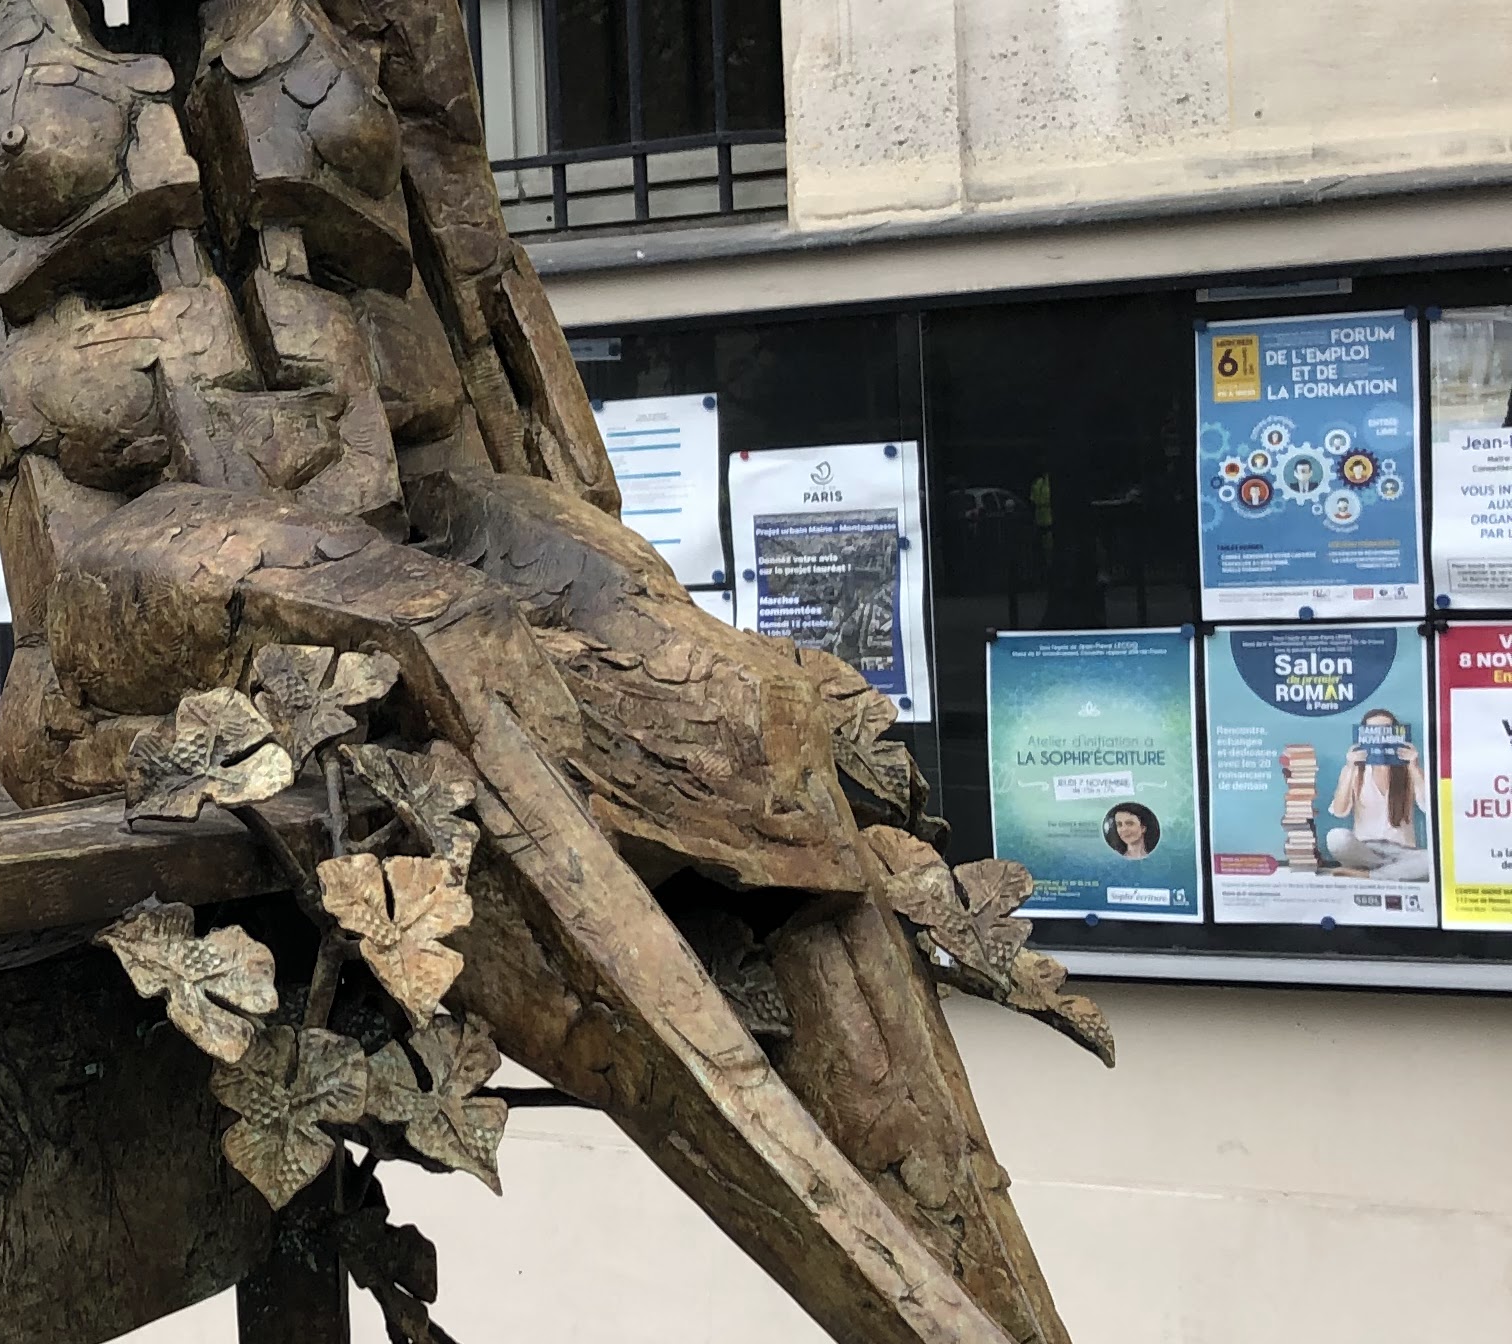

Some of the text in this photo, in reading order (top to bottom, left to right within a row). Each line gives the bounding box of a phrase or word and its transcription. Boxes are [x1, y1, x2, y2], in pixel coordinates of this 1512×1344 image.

[1330, 325, 1395, 344] FORUM
[1218, 348, 1238, 377] 6
[1265, 349, 1287, 366] DE
[1292, 344, 1369, 365] L'EMPLOI
[1292, 364, 1338, 381] ET DE
[1268, 377, 1397, 400] LA FORMATION
[1461, 435, 1512, 451] Jean-
[803, 490, 843, 504] PARIS
[1461, 485, 1495, 497] VOUS
[756, 528, 779, 537] Projet
[839, 524, 896, 533] Montparnasse
[1480, 528, 1505, 539] PAR
[793, 555, 817, 564] votre
[785, 565, 811, 576] projet
[760, 596, 799, 606] Marches
[760, 605, 822, 616] commentées
[1275, 653, 1352, 675] Salon
[1459, 652, 1472, 668] 8
[1275, 683, 1353, 702] ROMAN
[1314, 701, 1339, 710] Paris
[1028, 735, 1067, 748] Atelier
[1145, 735, 1154, 747] à
[1017, 747, 1166, 767] LA SOPHR'ÉCRITURE
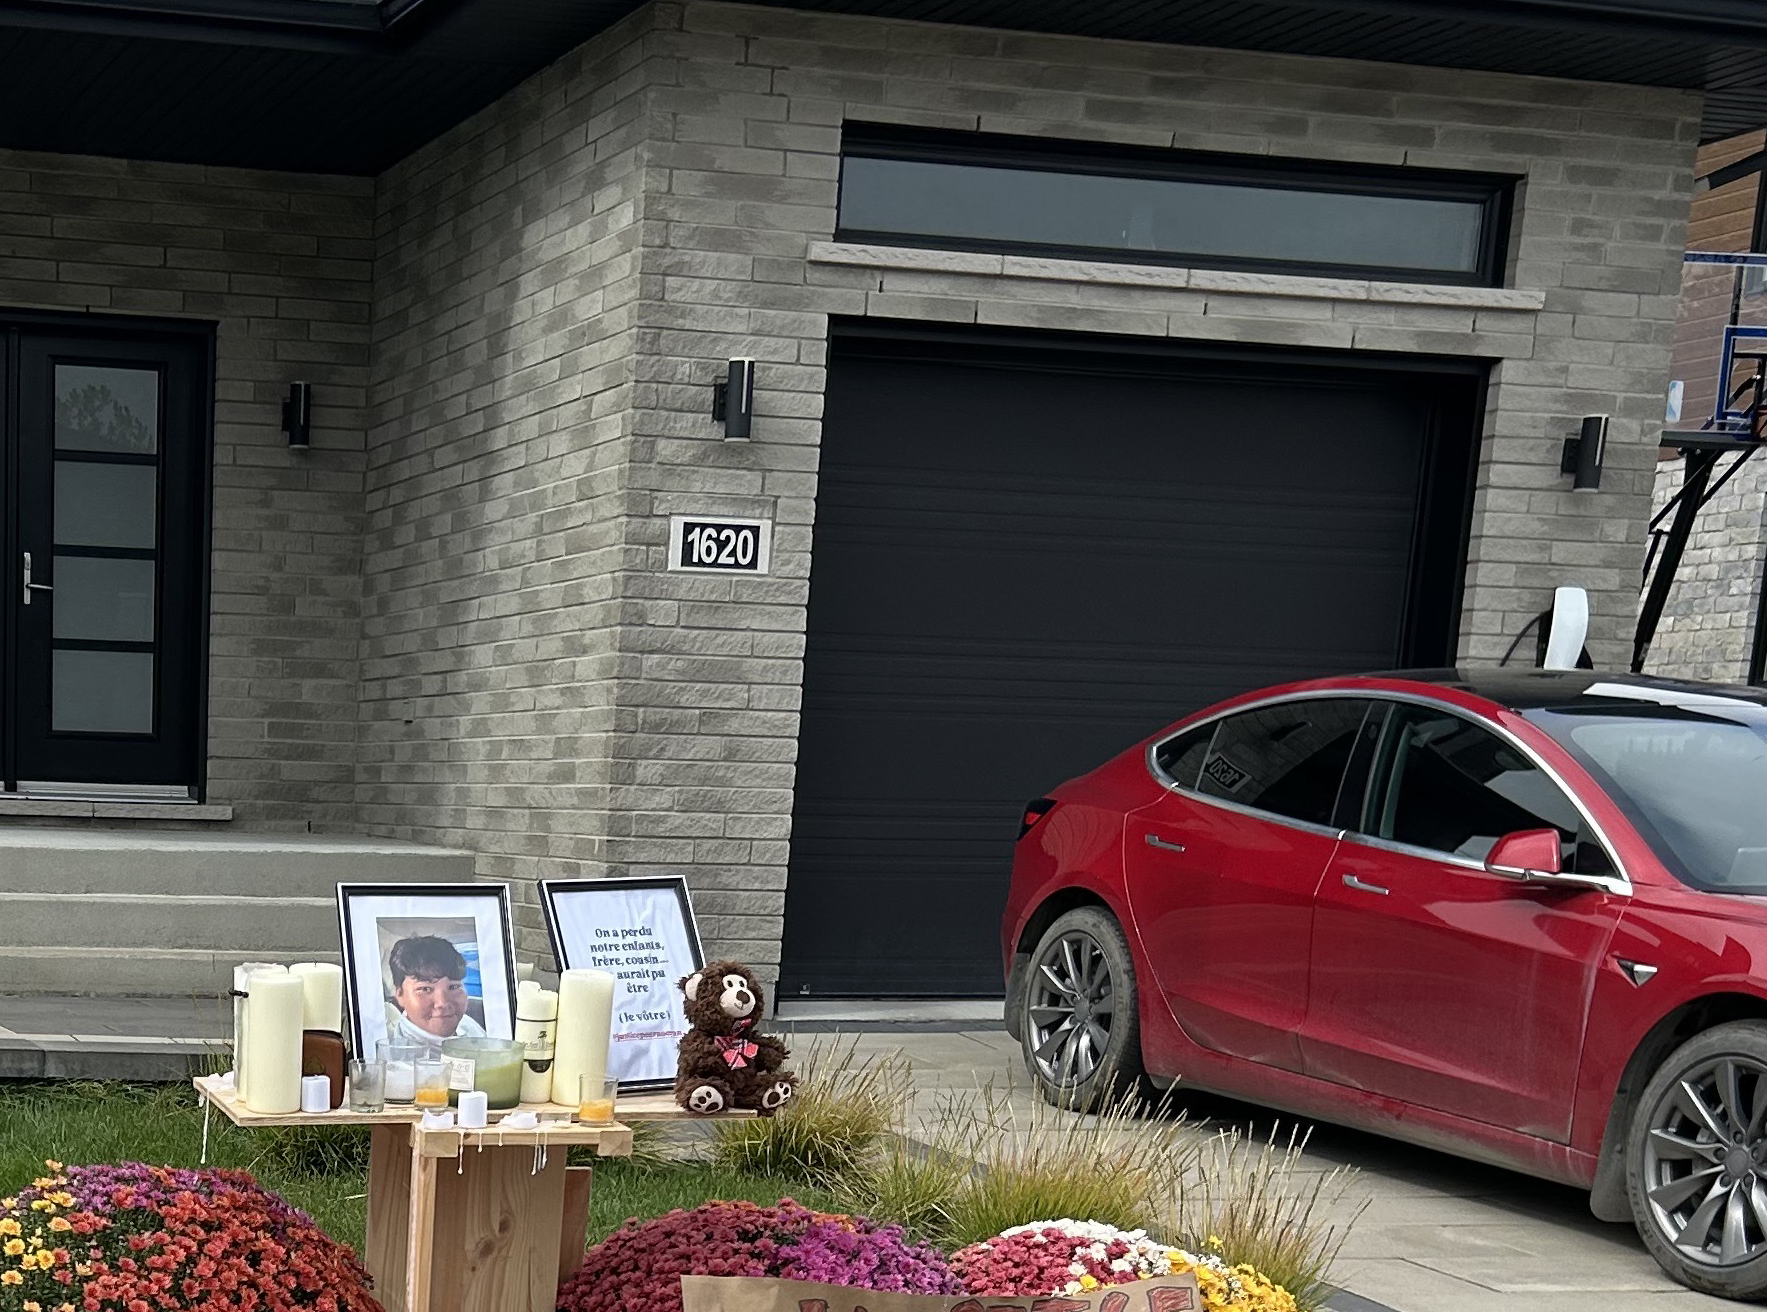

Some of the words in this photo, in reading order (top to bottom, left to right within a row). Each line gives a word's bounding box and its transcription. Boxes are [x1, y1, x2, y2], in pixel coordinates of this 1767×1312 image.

[687, 527, 754, 566] 1620
[595, 928, 610, 938] On
[621, 926, 652, 939] perdu
[590, 943, 620, 953] notre
[617, 968, 650, 979] aurait
[651, 969, 665, 981] pu
[627, 982, 649, 993] être
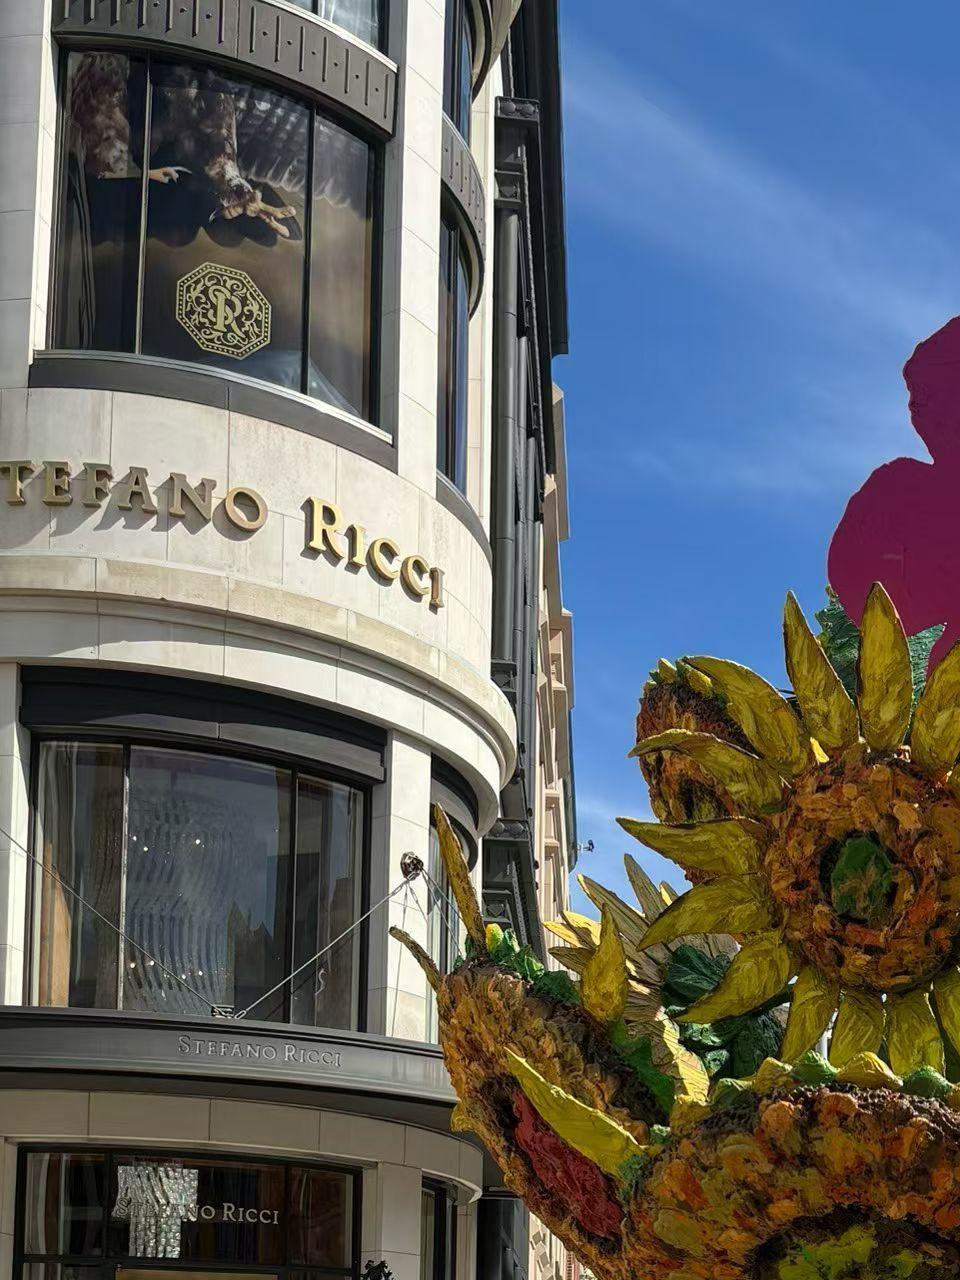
■ ■ ■ ■ ■ ■ ■
• [What you are asked to do]: Print all of the material exactly. Omit pictures.

• [Task response]:
Some of the text in this photo, in reading order (top to bottom, left to right within a row). Each line gives the bounding box of a phrase or word and its transcription. Boxes are [x1, y1, x2, y2], in pixel coordinates of this 1512×1344 image.

[1330, 325, 1395, 344] FORUM
[1218, 348, 1238, 377] 6
[1265, 349, 1287, 366] DE
[1292, 344, 1369, 365] L'EMPLOI
[1292, 364, 1338, 381] ET DE
[1268, 377, 1397, 400] LA FORMATION
[1461, 435, 1512, 451] Jean-
[803, 490, 843, 504] PARIS
[1461, 485, 1495, 497] VOUS
[756, 528, 779, 537] Projet
[839, 524, 896, 533] Montparnasse
[1480, 528, 1505, 539] PAR
[793, 555, 817, 564] votre
[785, 565, 811, 576] projet
[760, 596, 799, 606] Marches
[760, 605, 822, 616] commentées
[1275, 653, 1352, 675] Salon
[1459, 652, 1472, 668] 8
[1275, 683, 1353, 702] ROMAN
[1314, 701, 1339, 710] Paris
[1028, 735, 1067, 748] Atelier
[1145, 735, 1154, 747] à
[1017, 747, 1166, 767] LA SOPHR'ÉCRITURE

Some of the words in this photo, in reading order (top to bottom, left to right within a row). Each line gives a word's bounding box and its transcription. Boxes are [x1, y1, x2, y2], in pixel coordinates of this 1767×1312 image.

[687, 527, 754, 566] 1620
[595, 928, 610, 938] On
[621, 926, 652, 939] perdu
[590, 943, 620, 953] notre
[617, 968, 650, 979] aurait
[651, 969, 665, 981] pu
[627, 982, 649, 993] être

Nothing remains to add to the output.